The weather disruptions continued as storms delayed our late January and late February Winter Lecture Series events featuring presentations about Kansas bird populations and distributions and the story of a beloved local bread-baking entrepreneur. Thankfully, the first two of these three scheduled winter lectures were able to be rescheduled and delivered, but the third was altogether canceled due to the pandemic.
We will all have lifetime memories of events or trips or gatherings that we remember as the last that happened for us before the COVID-19 shutdown of 2020. Mine was a March 9th Dyck Arboretum board meeting where we surmised that coming events “might be a bit disrupted”. *Insert ominous music*
As we know, COVID-19 shut down our social lives that second week in March and initiated a series of cancellations for Dyck Arboretum. My first step of adaptation was to figure out how to deliver a virtual presentation, as I clumsily did for a dozen folks interested in developing rain gardens.
One of the events critical to our mission and budget is our spring plant sale, and the 2020 sale was racing toward us in a calendar clouded with uncertainty. We determined that we simply had to figure out a way to deliver plants safely.
So, we put on our Arboretum big girl and big boy pants, got creative and figured out how to solve some problems. We virtually networked like crazy, bolstered our website for virtual orders, and planned for contactless curbside pickup. We learned a lot in the process and our native plant gardening members came through for us in a big way with their orders.
We knew that plants would not stop growing for a virus and tried to figure out how to commence with grounds maintenance activities safely without our regular cadre of retired volunteers. Local college students cooped up at home while doing remote learning heartily answered the call to help us with various grounds maintenance activities.

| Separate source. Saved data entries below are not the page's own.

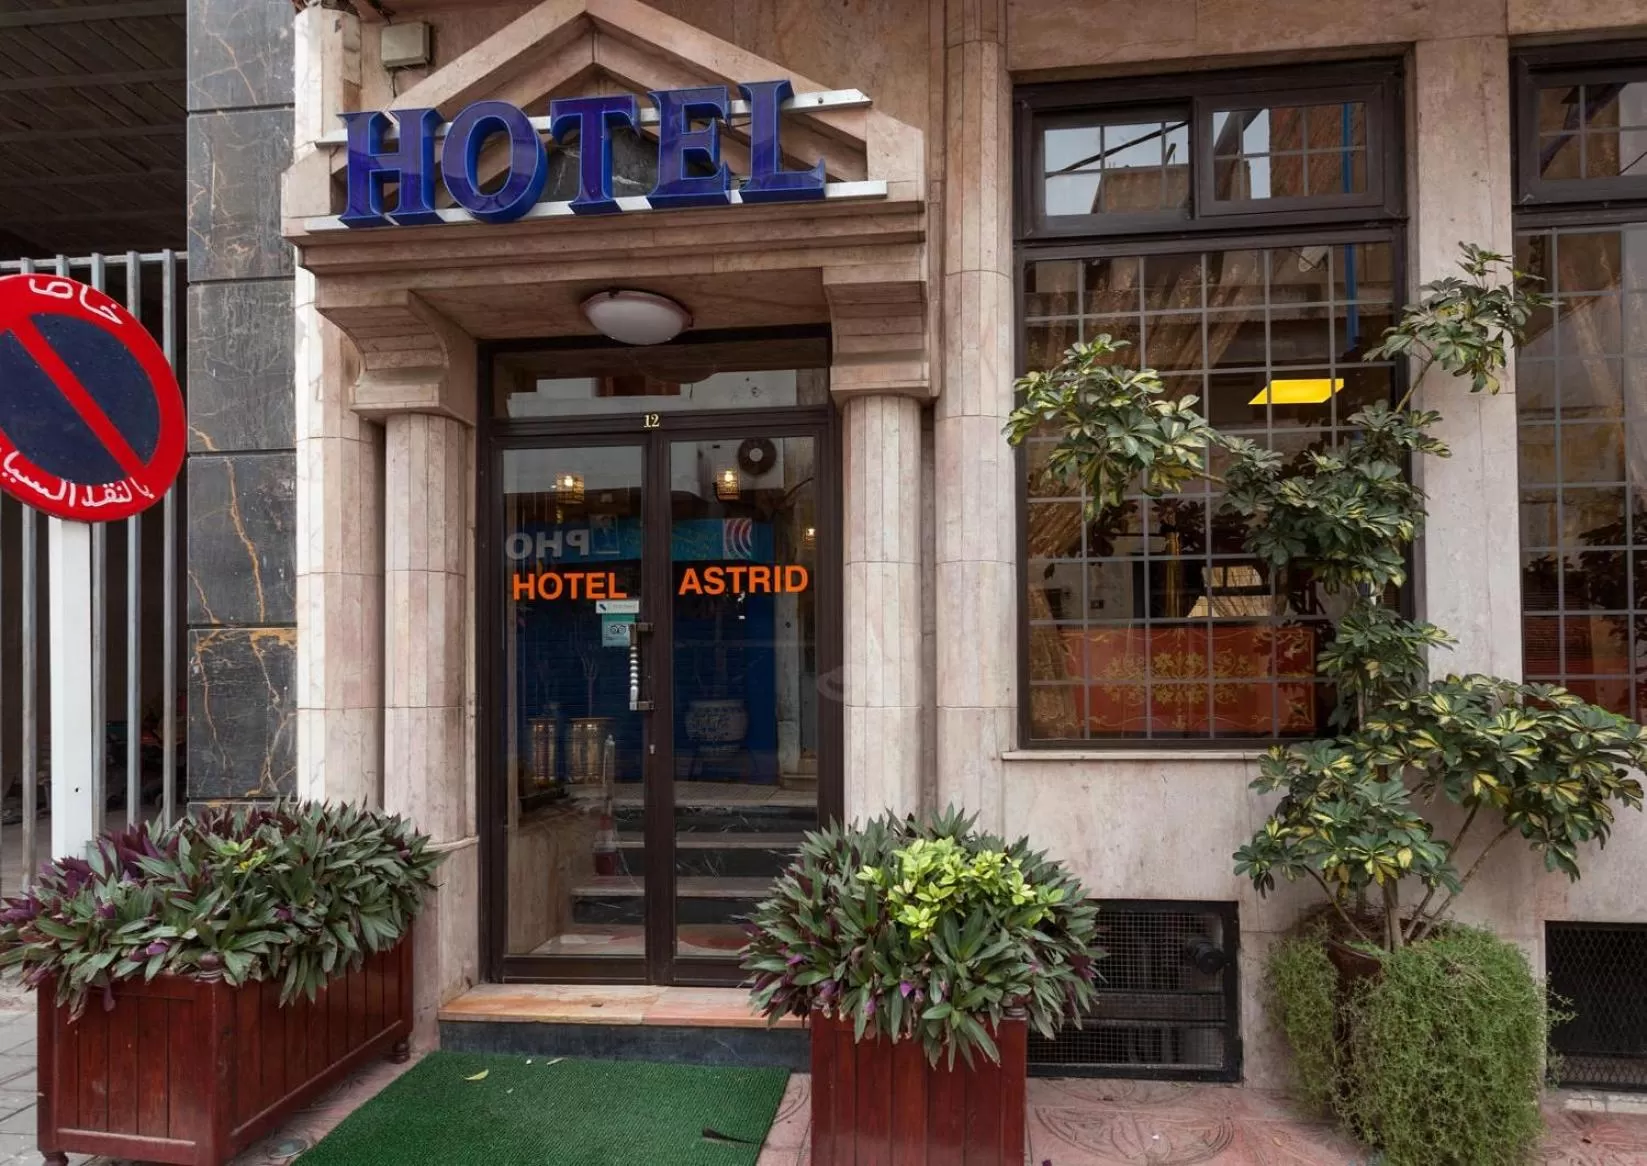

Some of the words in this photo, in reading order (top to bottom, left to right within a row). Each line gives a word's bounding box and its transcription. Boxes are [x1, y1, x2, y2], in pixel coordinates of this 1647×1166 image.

[337, 79, 826, 228] HOTEL
[28, 278, 123, 325] خاص
[643, 413, 660, 428] 12
[512, 572, 628, 600] HOTEL
[678, 565, 809, 596] ASTRID
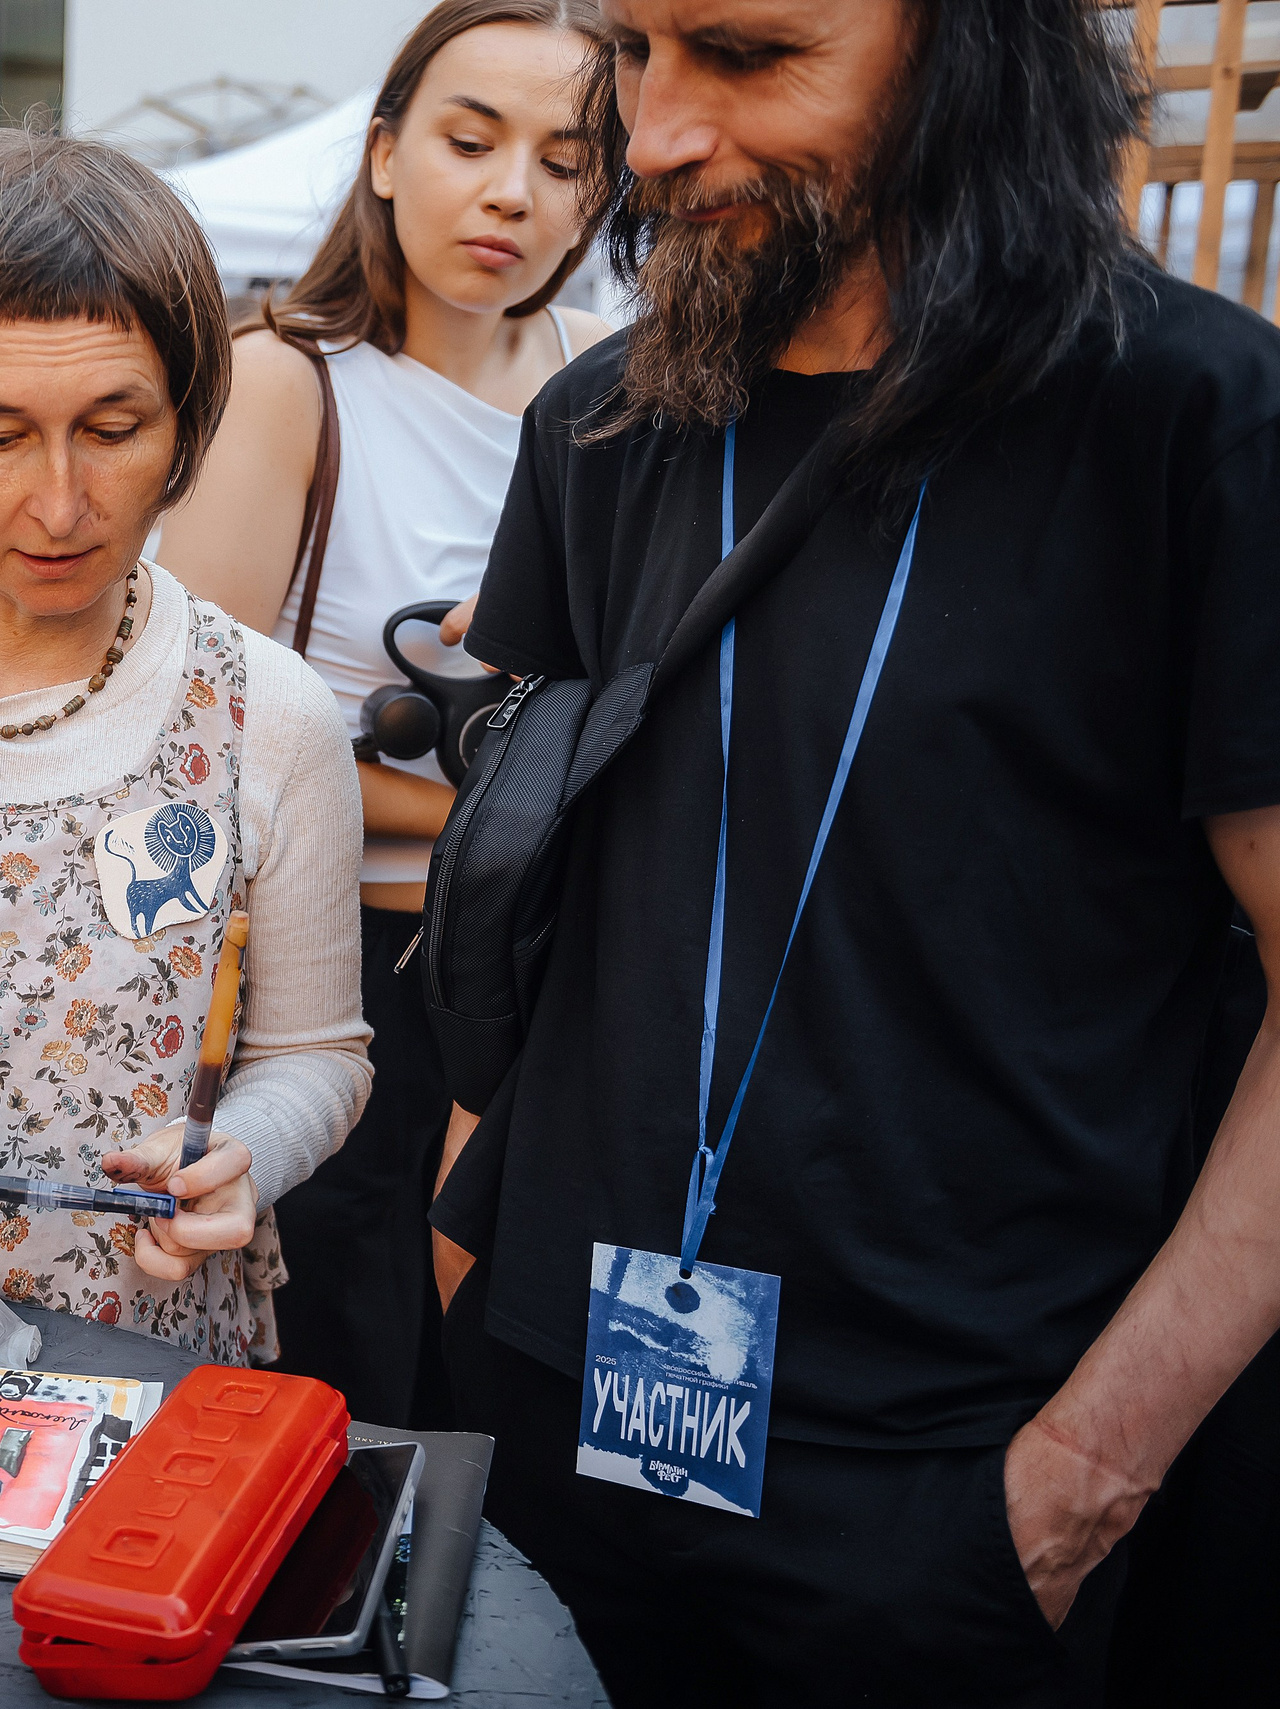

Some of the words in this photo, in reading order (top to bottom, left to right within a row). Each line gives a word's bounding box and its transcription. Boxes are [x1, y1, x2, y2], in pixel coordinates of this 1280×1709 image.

[595, 1354, 617, 1366] 2025
[592, 1367, 751, 1469] УЧАСТНИК
[656, 1470, 682, 1483] ФЕСТ
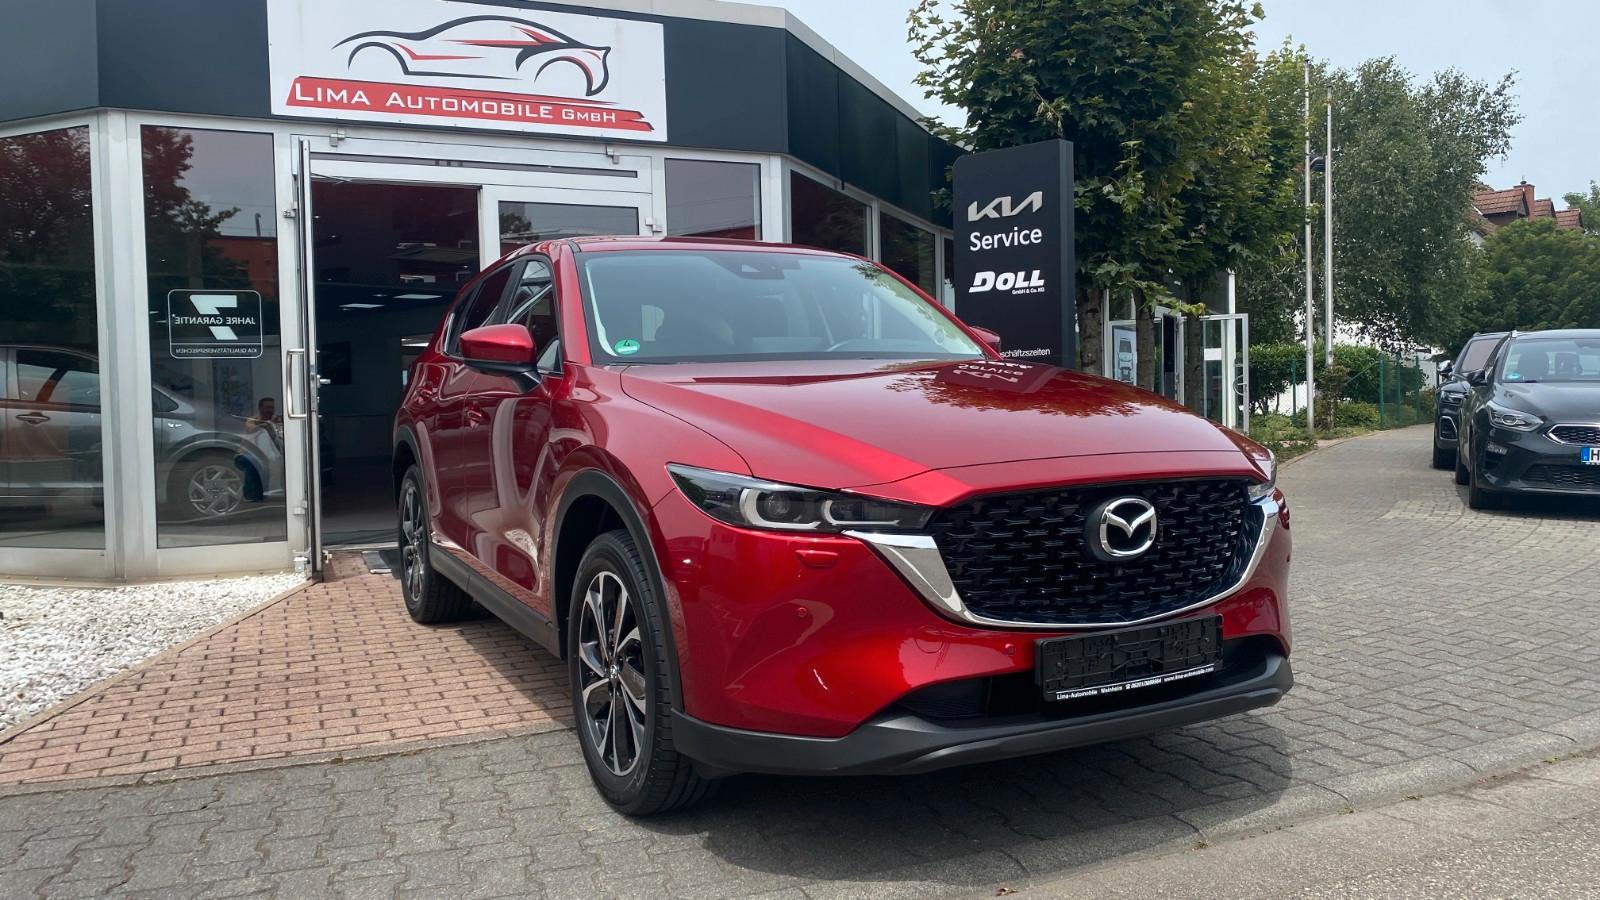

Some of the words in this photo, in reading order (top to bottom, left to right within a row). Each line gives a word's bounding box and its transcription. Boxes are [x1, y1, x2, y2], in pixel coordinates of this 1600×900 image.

[967, 191, 1042, 221] KIA
[970, 227, 1042, 251] Service
[968, 270, 1045, 293] DOLL
[623, 339, 631, 347] 4
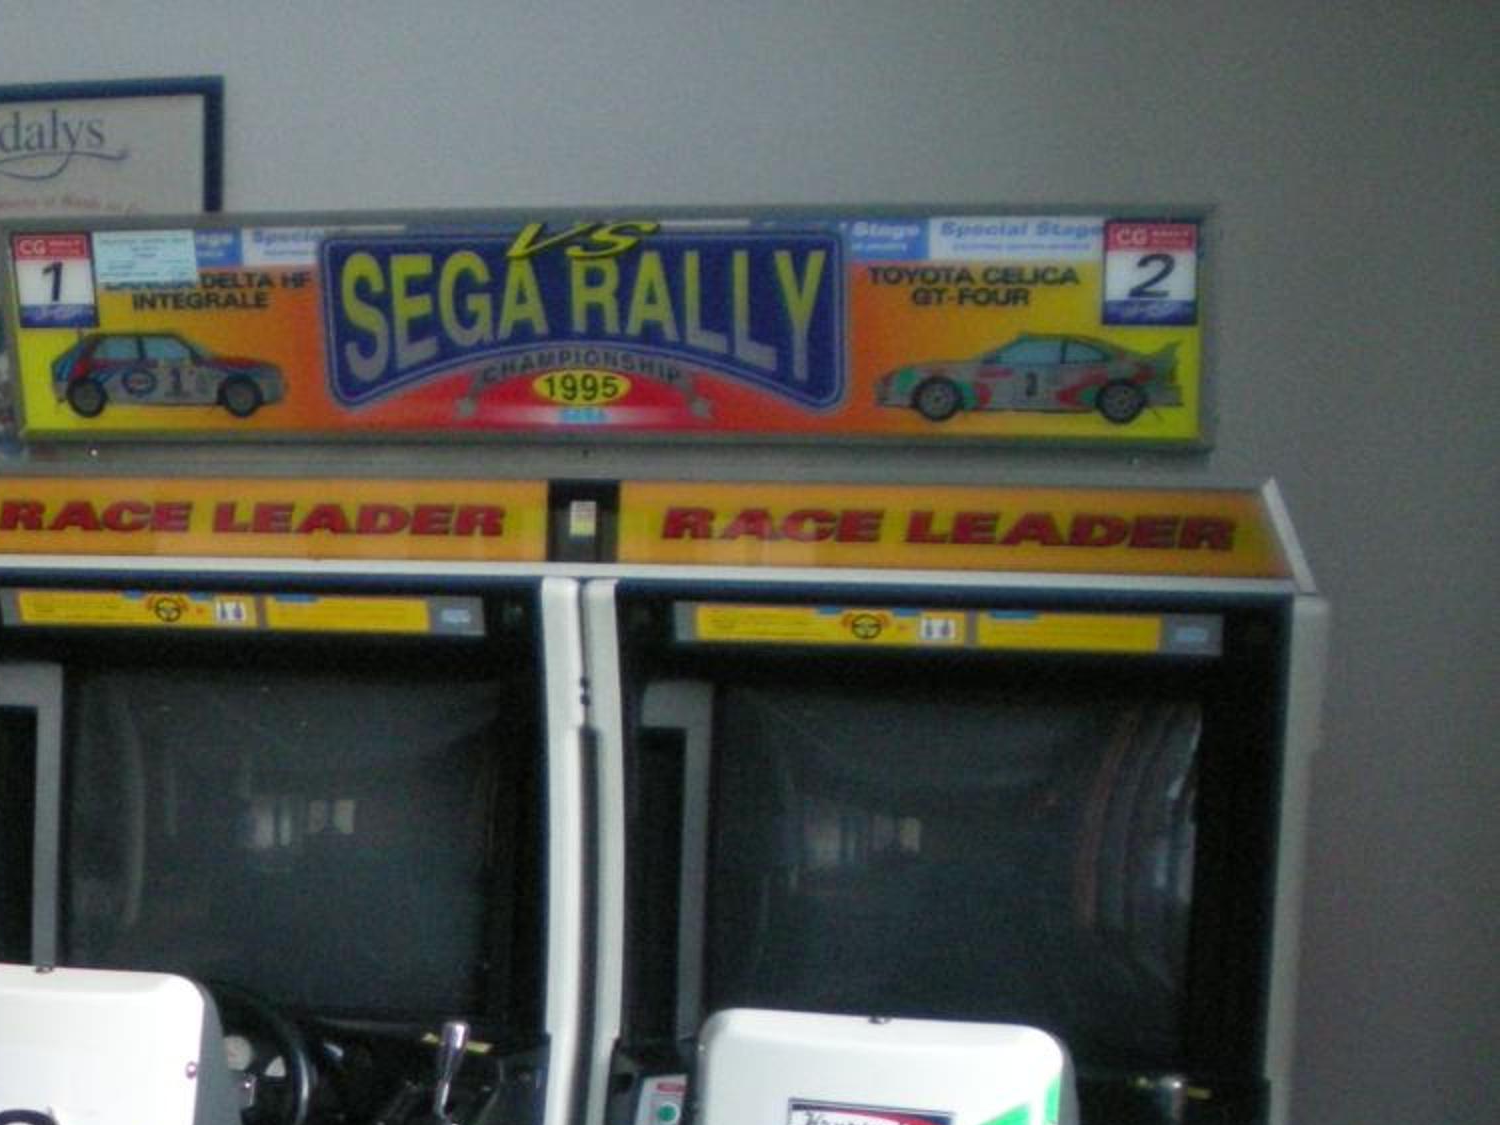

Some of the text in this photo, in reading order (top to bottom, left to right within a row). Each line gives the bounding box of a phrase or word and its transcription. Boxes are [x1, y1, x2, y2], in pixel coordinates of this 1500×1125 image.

As we learned early on what activities were deemed to be COVID-safe, being outdoors and getting exercise was more important than ever for maintaining mental and physical well-being. Walkers on our Arboretum path were more abundant this spring/summer/fall than we can ever remember. With folks doing more gardening at home, an interest in native landscaping seemed to reach new heights.
By late summer, we became a little more savvy with remote delivery of educational materials and we delivered our first ever virtual Native Plant School. We were blown away by the interest in these classes as our members and the general public signed up and participated at three to four times the normal rate we had seen in past years.
Outdoor events such as walking meetings around our 1/2-mile path or weddings and theater events in our outdoor amphitheater became much more the norm.
The monarch migration was more memorable at Dyck Arboretum than I can ever remember in September of 2020. Not only did the butterflies stop for a few-day layover in a phenomenal way, but an avian predator enjoyed their presence as well. HERE is a more detailed telling of that story.
The end of the calendar year at Dyck Arboretum has long been marked by the holiday-themed winter Luminary Walk during Thanksgiving weekend and the first weekend in December.
We knew that the usual groups of indoor gatherings in our buildings around hot drinks and cookies and close huddling around the bonfire would not happen this year. But with strict adherence to COVID safety protocols and some creativity and dedicated volunteerism from members, board members, and Hesston College musicians, we were able to say the “show must go on”. You all responded admirably and supported us heartily.
2020 was a trying year for all of us. But it also taught us something about ourselves, about resiliency, and finding something positive through adversity. You, our dedicated members and volunteers, were so critical to helping us find this positivity in what could have been a destructive year. For this, we are so very grateful.